[Task objective]
Reproduce every entry that follows word for word, but omit the images.
START Records shown
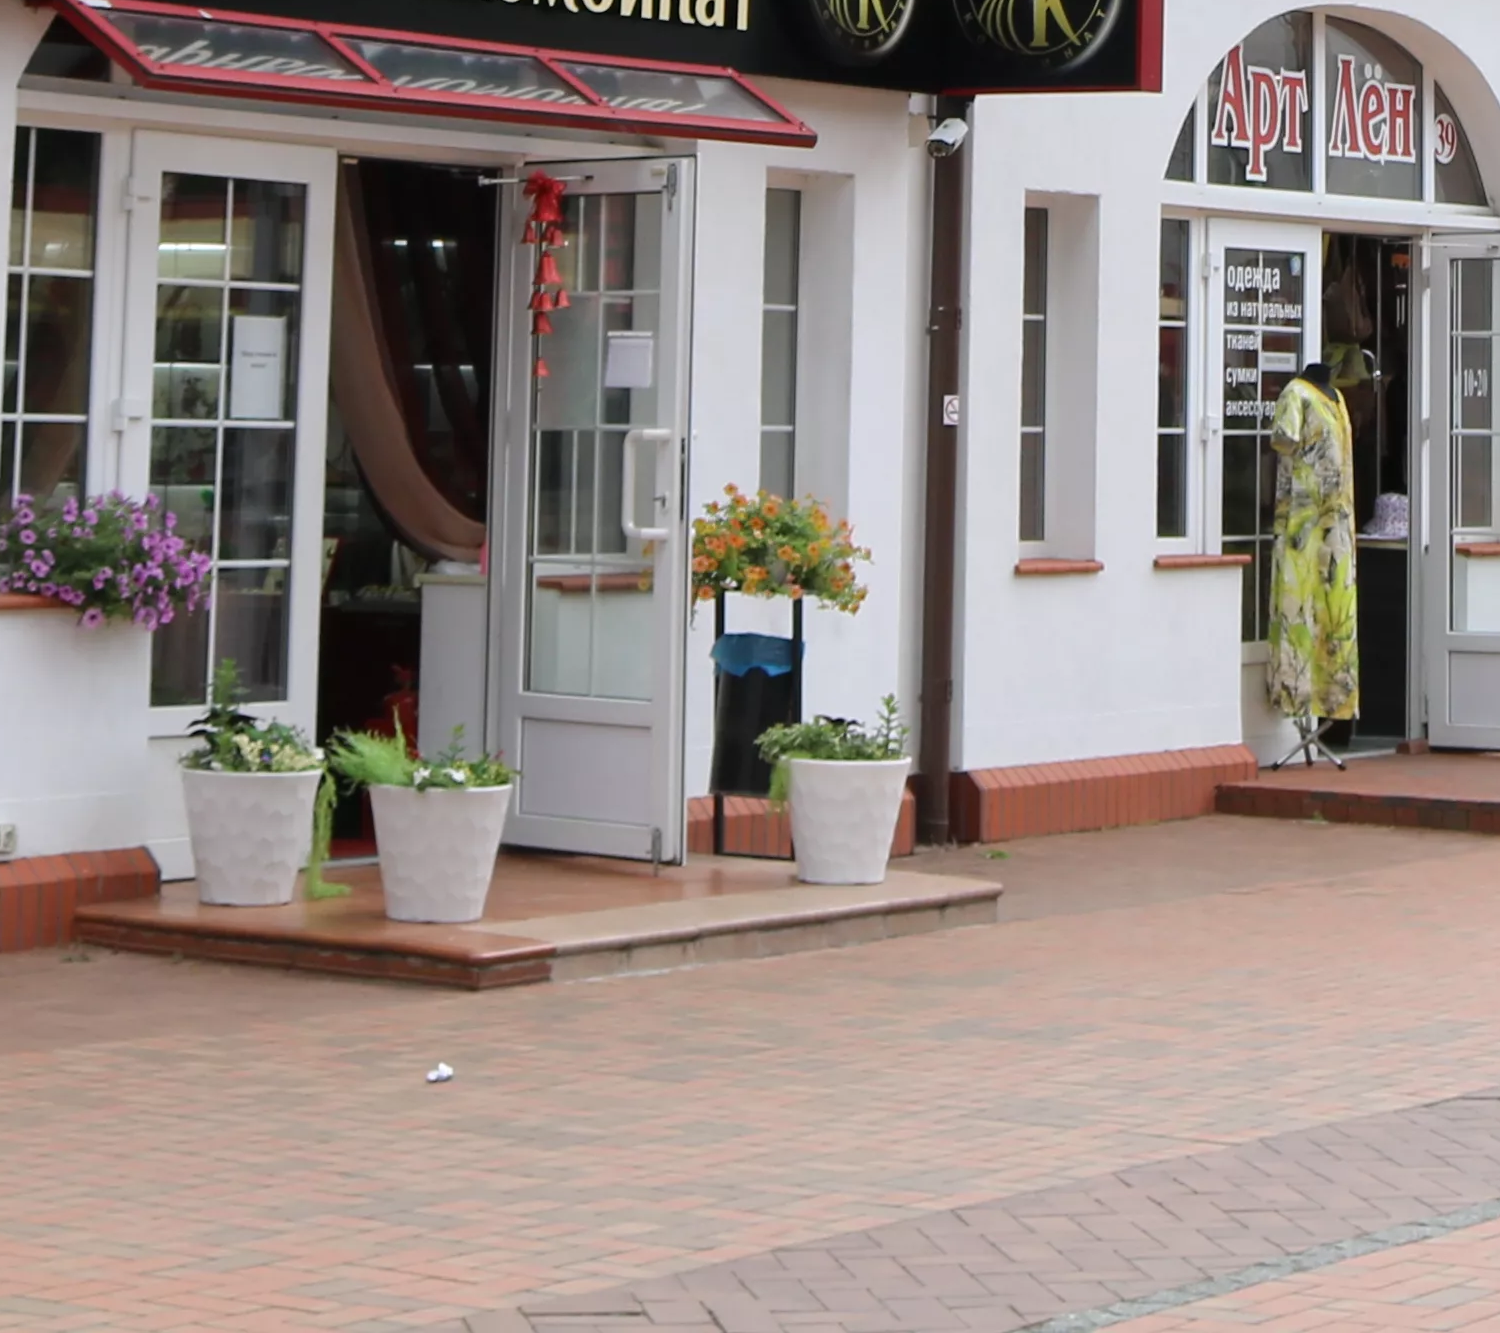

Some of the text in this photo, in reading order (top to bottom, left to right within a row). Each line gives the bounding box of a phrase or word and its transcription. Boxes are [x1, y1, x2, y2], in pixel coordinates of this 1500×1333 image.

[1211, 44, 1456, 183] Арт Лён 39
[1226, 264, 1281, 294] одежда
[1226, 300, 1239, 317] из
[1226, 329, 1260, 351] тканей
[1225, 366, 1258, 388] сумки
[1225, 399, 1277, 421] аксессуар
END Records shown
[Result for this exercise]
Some of the text in this photo, in reading order (top to bottom, left to right within a row). Each line gives the bounding box of a phrase or word and its transcription. Boxes are [x1, y1, x2, y2], in pixel coordinates of this 1500×1333 image.

[1211, 44, 1456, 183] Арт Лён 39
[1226, 264, 1281, 294] одежда
[1226, 300, 1239, 317] из
[1226, 329, 1260, 351] тканей
[1225, 366, 1258, 388] сумки
[1225, 399, 1277, 421] аксессуар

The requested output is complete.